New technologies and online trends are driving the need for increasingly faster Internet speeds. We offer a solution to that: DOCSIS 3.0, ­also known as wideband. With wideband, we are now offering customers 50 Mbps downloads, which is about as fast as anyone is going at this point. This means you can download a typical 1.5 GB standard def movie (or the equivalent of 400 mp3 songs) in about 4 minutes. On a typical DSL connection that would literally take hours.
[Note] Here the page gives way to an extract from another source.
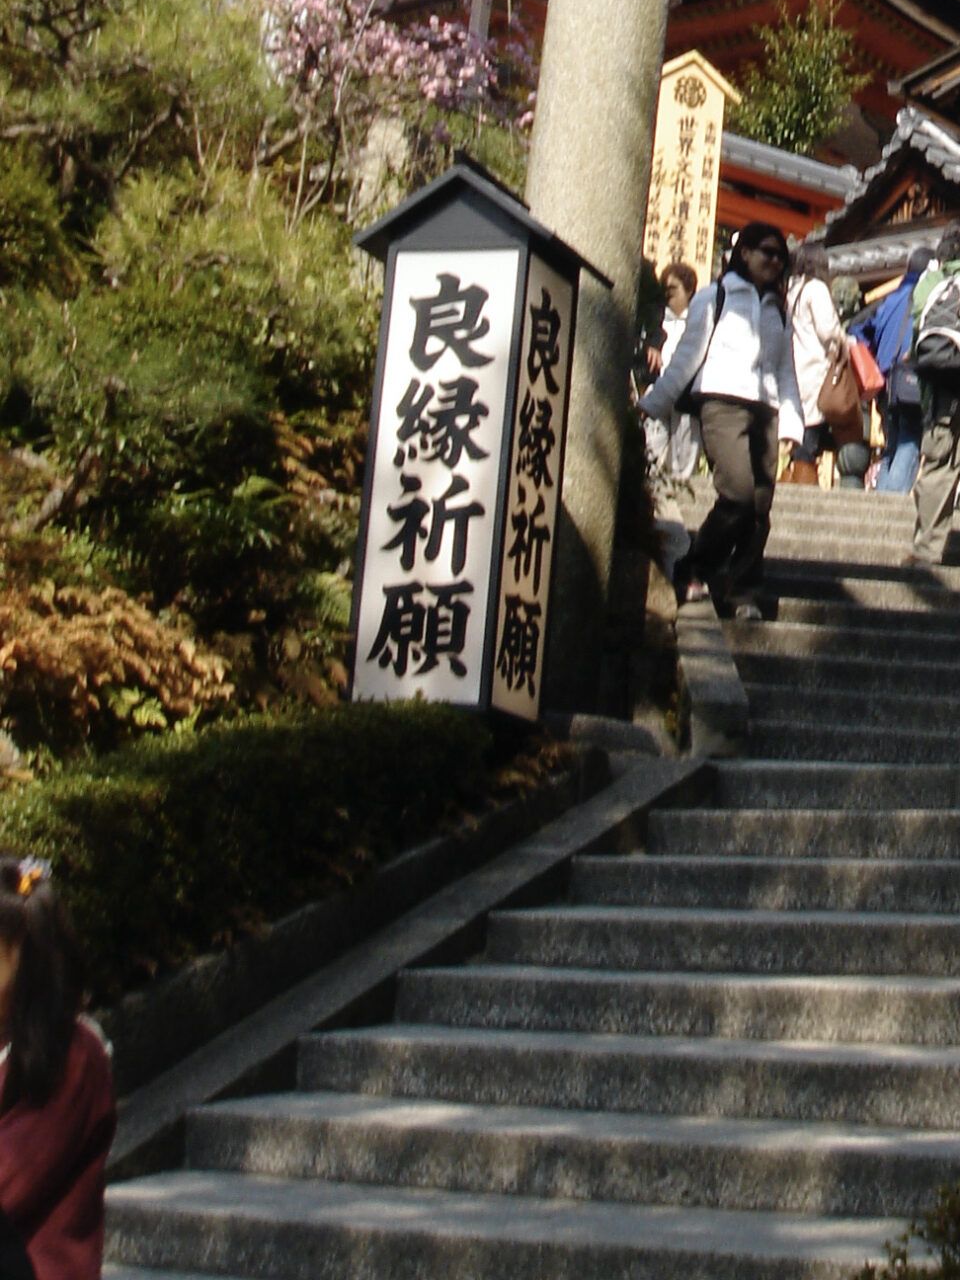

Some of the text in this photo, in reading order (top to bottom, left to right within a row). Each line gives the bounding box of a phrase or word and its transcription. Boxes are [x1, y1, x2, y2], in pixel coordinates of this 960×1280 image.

We have already rolled out wideband to about a dozen major cities and have plans to reach more than 30 million homes and businesses by the end of this year. We started in the Twin cities early last year, but recently announced expansion into the Bay Area. We’re also in the Greater Boston Metropolitan area, the Greater Philadelphia Metro area and New Jersey, Atlanta, Chicago, Baltimore, Seattle, Portland and Ft. Wayne. We’ll continue to launch additional markets over the next several months.

While that is great news, 50 Mbps is just the beginning of what’s possible with wideband technology. Wideband will bring an entirely new platform to create the innovative tools and applications of the future, much in the same way that broadband spurred the development of many video-rich applications that have become mainstream today. Wideband will also allow significant evolution for application development that will be available to a large number of American homes.

This platform will have the capability to deliver speeds in excess of 100 Mbps and higher in the future. That’s a far cry from the 1.5 Mbps we were offering ten years ago and I think it begs the same question that we heard when we launched broadband, "what are our customers going to do with all that speed?" I’m eager to find out.